Plantio e silvicultura
Os frutos devem ser colhidos diretamente da árvore quando maduros, ponto facilmente identificado pelos danos causados por pássaros. Em seguida são guardados em sacos plásticos por alguns dias, para que iniciem a decomposição e facilitem a maceração em água e a retirada das sementes. As sementes vêm envoltas por um halo mucilaginoso que precisa ser removido com lavagem em água corrente e secagem ao sol; elas são separadas filtrando-se a suspensão de frutos e deixando-se o filtrado secar ao sol. Cada quilo reúne cerca de 3 milhões de sementes. Elas apresentam dormência tegumentar, para a qual ainda não foi definido nenhum tratamento eficaz de superação, e têm naturalmente alta longevidade.

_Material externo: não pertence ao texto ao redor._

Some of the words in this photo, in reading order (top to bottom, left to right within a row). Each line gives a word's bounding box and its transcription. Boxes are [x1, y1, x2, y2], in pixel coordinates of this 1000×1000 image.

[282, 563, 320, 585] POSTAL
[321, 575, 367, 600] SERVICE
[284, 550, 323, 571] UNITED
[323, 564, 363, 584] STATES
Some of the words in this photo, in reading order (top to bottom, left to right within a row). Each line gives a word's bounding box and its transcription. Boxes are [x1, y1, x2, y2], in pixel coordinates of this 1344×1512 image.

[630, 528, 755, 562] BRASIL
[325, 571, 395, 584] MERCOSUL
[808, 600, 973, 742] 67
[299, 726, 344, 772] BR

A semeadura é feita em sementeiras, com posterior repicagem das plântulas para sacos de polietileno de no mínimo 20 cm de altura por 7 cm de diâmetro, ou para tubetes de polipropileno de tamanho médio; recomenda-se repicar de 2 a 4 semanas após o início da germinação. A germinação é epígea, com plântulas fanerocotiledonares, e a emergência começa entre 20 e 60 dias após a semeadura, com poder germinativo geralmente baixo (até 50%). As mudas alcançam tamanho adequado para o plantio por volta de 6 meses após a semeadura. As raízes da espécie apresentam alta infecção por micorrizas arbusculares, sobretudo dos gêneros Glomus e Sclerocystis.
É uma planta heliófila, que não tolera baixas temperaturas. Apresenta crescimento monopodial e boa desrama natural. O plantio recomendado é a pleno sol.

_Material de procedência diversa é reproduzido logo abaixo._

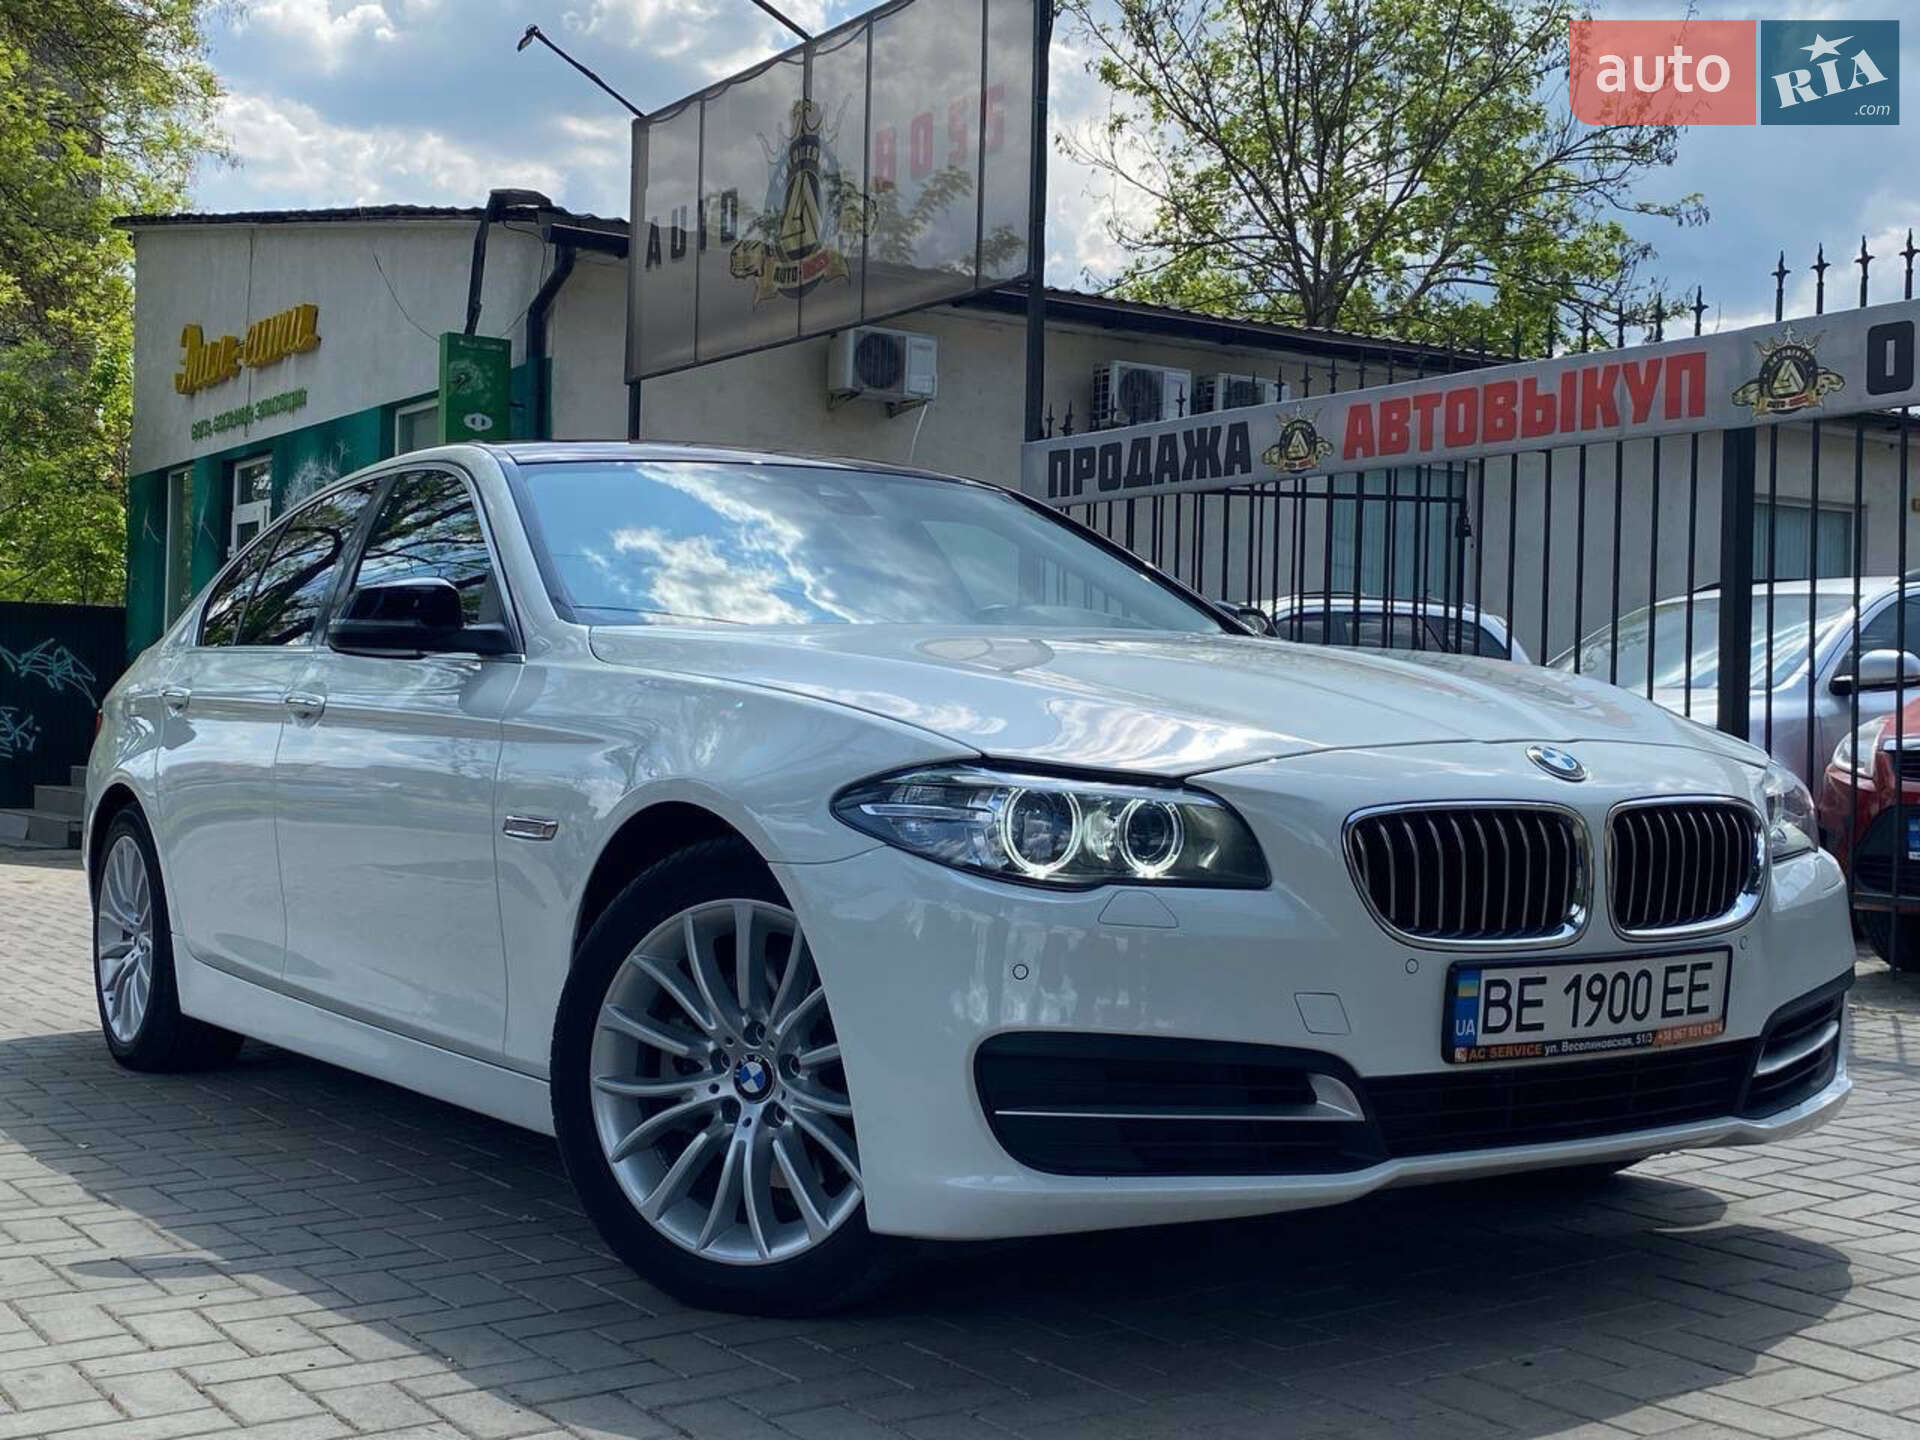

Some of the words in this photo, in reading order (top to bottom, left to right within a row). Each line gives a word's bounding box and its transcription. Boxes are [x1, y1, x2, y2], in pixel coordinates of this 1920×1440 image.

[645, 187, 738, 271] AUTO
[1048, 421, 1251, 498] ПРОДАЖА
[1343, 352, 1706, 461] АВТОВЫКУП
[1455, 1019, 1475, 1036] UA
[1482, 976, 1547, 1034] BE
[1563, 969, 1652, 1028] 1900
[1661, 962, 1713, 1018] EE
[1488, 1043, 1542, 1058] SERVICE

Há poucos registros sobre o desenvolvimento da espécie em plantios, mas seu crescimento é considerado rápido.
A precipitação média anual varia de 1.400 mm, no Amazonas, a 3.000 mm, no Pará, com chuvas de regime periódico e deficiência hídrica moderada. A temperatura média anual oscila entre 24,9 °C (Rio Branco, AC) e 26,7 °C (Manaus, AM); no mês mais frio fica entre 23,2 °C e 26 °C, e no mês mais quente, entre 25,7 °C e 27,6 °C. A mínima absoluta registrada foi de 6 °C, em Rio Branco. Na região entre Acre e Rondônia (e parte do Mato Grosso) ocorre a friagem, queda brusca de temperatura provocada pelo avanço da frente polar vinda da Patagônia, que mantém a média em torno de 10 °C e pode levá-la a 4 °C por 3 a 8 dias. Não há ocorrência de geadas. Pela classificação de Köppen, enquadra-se nos tipos Af (tropical úmido ou superúmido), no Amapá e no Pará; Am (tropical úmido a subúmido, subtipo Monção), no Acre, Amazonas, Amapá e Pará; e Aw (tropical com inverno seco, subtipo Savana), no Acre, Mato Grosso, Pará e Rondônia.
Cresce naturalmente em solos ácidos e de baixa fertilidade, em relevo que vai de ondulado a fortemente ondulado.